(Task goal): Repeat the data exactly, so that every line matches the original.

(Exercise material):
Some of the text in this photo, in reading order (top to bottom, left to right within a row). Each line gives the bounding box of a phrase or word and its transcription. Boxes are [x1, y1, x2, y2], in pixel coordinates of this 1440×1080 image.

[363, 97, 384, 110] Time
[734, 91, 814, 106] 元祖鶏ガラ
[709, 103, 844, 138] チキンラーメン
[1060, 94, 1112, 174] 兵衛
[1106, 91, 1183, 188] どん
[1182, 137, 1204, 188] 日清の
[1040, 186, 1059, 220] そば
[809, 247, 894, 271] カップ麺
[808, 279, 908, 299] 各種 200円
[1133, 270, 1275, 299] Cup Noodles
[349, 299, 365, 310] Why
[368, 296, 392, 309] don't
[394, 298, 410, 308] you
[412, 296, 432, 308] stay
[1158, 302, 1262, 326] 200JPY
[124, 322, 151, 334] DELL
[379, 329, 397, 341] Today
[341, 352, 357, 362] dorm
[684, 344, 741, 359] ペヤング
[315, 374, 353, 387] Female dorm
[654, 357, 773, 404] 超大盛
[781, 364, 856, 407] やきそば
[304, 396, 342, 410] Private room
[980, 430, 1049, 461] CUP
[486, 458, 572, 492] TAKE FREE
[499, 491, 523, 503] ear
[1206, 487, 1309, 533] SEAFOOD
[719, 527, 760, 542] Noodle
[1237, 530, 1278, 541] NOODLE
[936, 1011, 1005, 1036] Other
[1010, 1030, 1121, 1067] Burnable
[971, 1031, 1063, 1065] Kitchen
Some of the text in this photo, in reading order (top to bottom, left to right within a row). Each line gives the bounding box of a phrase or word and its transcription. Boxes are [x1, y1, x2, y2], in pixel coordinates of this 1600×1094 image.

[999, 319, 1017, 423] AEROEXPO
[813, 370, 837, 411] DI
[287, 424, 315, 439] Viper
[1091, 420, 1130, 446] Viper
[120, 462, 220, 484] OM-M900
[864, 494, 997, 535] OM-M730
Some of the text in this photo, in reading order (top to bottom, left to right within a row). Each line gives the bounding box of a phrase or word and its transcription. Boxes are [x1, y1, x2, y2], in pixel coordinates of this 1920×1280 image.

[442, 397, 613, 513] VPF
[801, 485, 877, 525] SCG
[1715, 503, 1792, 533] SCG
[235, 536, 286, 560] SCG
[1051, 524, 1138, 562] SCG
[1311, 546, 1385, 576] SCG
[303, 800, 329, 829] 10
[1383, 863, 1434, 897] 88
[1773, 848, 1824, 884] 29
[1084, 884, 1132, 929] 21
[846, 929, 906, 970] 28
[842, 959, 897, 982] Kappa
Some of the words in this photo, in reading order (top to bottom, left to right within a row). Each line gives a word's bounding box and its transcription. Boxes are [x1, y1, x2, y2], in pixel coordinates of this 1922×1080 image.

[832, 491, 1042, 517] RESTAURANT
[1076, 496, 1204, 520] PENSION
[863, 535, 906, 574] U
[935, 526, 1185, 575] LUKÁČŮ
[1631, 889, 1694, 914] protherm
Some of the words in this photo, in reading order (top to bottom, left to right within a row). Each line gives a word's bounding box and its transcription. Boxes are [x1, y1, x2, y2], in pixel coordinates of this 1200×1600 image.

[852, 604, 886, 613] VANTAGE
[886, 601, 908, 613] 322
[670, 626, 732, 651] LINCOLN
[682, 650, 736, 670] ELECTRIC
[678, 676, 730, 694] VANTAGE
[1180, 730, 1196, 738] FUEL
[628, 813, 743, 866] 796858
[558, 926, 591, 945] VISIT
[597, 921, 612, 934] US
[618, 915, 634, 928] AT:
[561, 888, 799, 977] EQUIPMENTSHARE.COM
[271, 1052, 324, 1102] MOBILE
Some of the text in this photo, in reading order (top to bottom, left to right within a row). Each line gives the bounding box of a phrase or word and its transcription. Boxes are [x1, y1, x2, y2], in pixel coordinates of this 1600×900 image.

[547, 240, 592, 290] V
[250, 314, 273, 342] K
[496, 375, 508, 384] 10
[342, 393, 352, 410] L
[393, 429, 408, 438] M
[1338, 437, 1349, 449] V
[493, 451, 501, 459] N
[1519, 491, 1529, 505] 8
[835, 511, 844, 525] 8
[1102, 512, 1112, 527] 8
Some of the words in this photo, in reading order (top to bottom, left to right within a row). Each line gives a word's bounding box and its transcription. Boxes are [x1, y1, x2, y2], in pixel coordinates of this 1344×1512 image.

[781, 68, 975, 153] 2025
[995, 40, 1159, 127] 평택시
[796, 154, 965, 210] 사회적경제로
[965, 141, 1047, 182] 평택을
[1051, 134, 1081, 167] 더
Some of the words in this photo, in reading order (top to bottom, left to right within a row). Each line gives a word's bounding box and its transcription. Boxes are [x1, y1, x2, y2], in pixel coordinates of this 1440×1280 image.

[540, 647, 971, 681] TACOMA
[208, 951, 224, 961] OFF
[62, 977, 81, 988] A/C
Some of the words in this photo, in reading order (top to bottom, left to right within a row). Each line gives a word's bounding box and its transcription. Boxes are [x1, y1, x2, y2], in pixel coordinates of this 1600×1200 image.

(Task output):
Some of the text in this photo, in reading order (top to bottom, left to right within a row). Each line gives the bounding box of a phrase or word and its transcription. Boxes are [x1, y1, x2, y2], in pixel coordinates of this 1440×1080 image.

[363, 97, 384, 110] Time
[734, 91, 814, 106] 元祖鶏ガラ
[709, 103, 844, 138] チキンラーメン
[1060, 94, 1112, 174] 兵衛
[1106, 91, 1183, 188] どん
[1182, 137, 1204, 188] 日清の
[1040, 186, 1059, 220] そば
[809, 247, 894, 271] カップ麺
[808, 279, 908, 299] 各種 200円
[1133, 270, 1275, 299] Cup Noodles
[349, 299, 365, 310] Why
[368, 296, 392, 309] don't
[394, 298, 410, 308] you
[412, 296, 432, 308] stay
[1158, 302, 1262, 326] 200JPY
[124, 322, 151, 334] DELL
[379, 329, 397, 341] Today
[341, 352, 357, 362] dorm
[684, 344, 741, 359] ペヤング
[315, 374, 353, 387] Female dorm
[654, 357, 773, 404] 超大盛
[781, 364, 856, 407] やきそば
[304, 396, 342, 410] Private room
[980, 430, 1049, 461] CUP
[486, 458, 572, 492] TAKE FREE
[499, 491, 523, 503] ear
[1206, 487, 1309, 533] SEAFOOD
[719, 527, 760, 542] Noodle
[1237, 530, 1278, 541] NOODLE
[936, 1011, 1005, 1036] Other
[1010, 1030, 1121, 1067] Burnable
[971, 1031, 1063, 1065] Kitchen
Some of the text in this photo, in reading order (top to bottom, left to right within a row). Each line gives the bounding box of a phrase or word and its transcription. Boxes are [x1, y1, x2, y2], in pixel coordinates of this 1600×1094 image.

[999, 319, 1017, 423] AEROEXPO
[813, 370, 837, 411] DI
[287, 424, 315, 439] Viper
[1091, 420, 1130, 446] Viper
[120, 462, 220, 484] OM-M900
[864, 494, 997, 535] OM-M730
Some of the text in this photo, in reading order (top to bottom, left to right within a row). Each line gives the bounding box of a phrase or word and its transcription. Boxes are [x1, y1, x2, y2], in pixel coordinates of this 1920×1280 image.

[442, 397, 613, 513] VPF
[801, 485, 877, 525] SCG
[1715, 503, 1792, 533] SCG
[235, 536, 286, 560] SCG
[1051, 524, 1138, 562] SCG
[1311, 546, 1385, 576] SCG
[303, 800, 329, 829] 10
[1383, 863, 1434, 897] 88
[1773, 848, 1824, 884] 29
[1084, 884, 1132, 929] 21
[846, 929, 906, 970] 28
[842, 959, 897, 982] Kappa
Some of the words in this photo, in reading order (top to bottom, left to right within a row). Each line gives a word's bounding box and its transcription. Boxes are [x1, y1, x2, y2], in pixel coordinates of this 1922×1080 image.

[832, 491, 1042, 517] RESTAURANT
[1076, 496, 1204, 520] PENSION
[863, 535, 906, 574] U
[935, 526, 1185, 575] LUKÁČŮ
[1631, 889, 1694, 914] protherm
Some of the words in this photo, in reading order (top to bottom, left to right within a row). Each line gives a word's bounding box and its transcription. Boxes are [x1, y1, x2, y2], in pixel coordinates of this 1200×1600 image.

[852, 604, 886, 613] VANTAGE
[886, 601, 908, 613] 322
[670, 626, 732, 651] LINCOLN
[682, 650, 736, 670] ELECTRIC
[678, 676, 730, 694] VANTAGE
[1180, 730, 1196, 738] FUEL
[628, 813, 743, 866] 796858
[558, 926, 591, 945] VISIT
[597, 921, 612, 934] US
[618, 915, 634, 928] AT:
[561, 888, 799, 977] EQUIPMENTSHARE.COM
[271, 1052, 324, 1102] MOBILE
Some of the text in this photo, in reading order (top to bottom, left to right within a row). Each line gives the bounding box of a phrase or word and its transcription. Boxes are [x1, y1, x2, y2], in pixel coordinates of this 1600×900 image.

[547, 240, 592, 290] V
[250, 314, 273, 342] K
[496, 375, 508, 384] 10
[342, 393, 352, 410] L
[393, 429, 408, 438] M
[1338, 437, 1349, 449] V
[493, 451, 501, 459] N
[1519, 491, 1529, 505] 8
[835, 511, 844, 525] 8
[1102, 512, 1112, 527] 8
Some of the words in this photo, in reading order (top to bottom, left to right within a row). Each line gives a word's bounding box and its transcription. Boxes are [x1, y1, x2, y2], in pixel coordinates of this 1344×1512 image.

[781, 68, 975, 153] 2025
[995, 40, 1159, 127] 평택시
[796, 154, 965, 210] 사회적경제로
[965, 141, 1047, 182] 평택을
[1051, 134, 1081, 167] 더
Some of the words in this photo, in reading order (top to bottom, left to right within a row). Each line gives a word's bounding box and its transcription. Boxes are [x1, y1, x2, y2], in pixel coordinates of this 1440×1280 image.

[540, 647, 971, 681] TACOMA
[208, 951, 224, 961] OFF
[62, 977, 81, 988] A/C
Some of the words in this photo, in reading order (top to bottom, left to right within a row). Each line gives a word's bounding box and its transcription. Boxes are [x1, y1, x2, y2], in pixel coordinates of this 1600×1200 image.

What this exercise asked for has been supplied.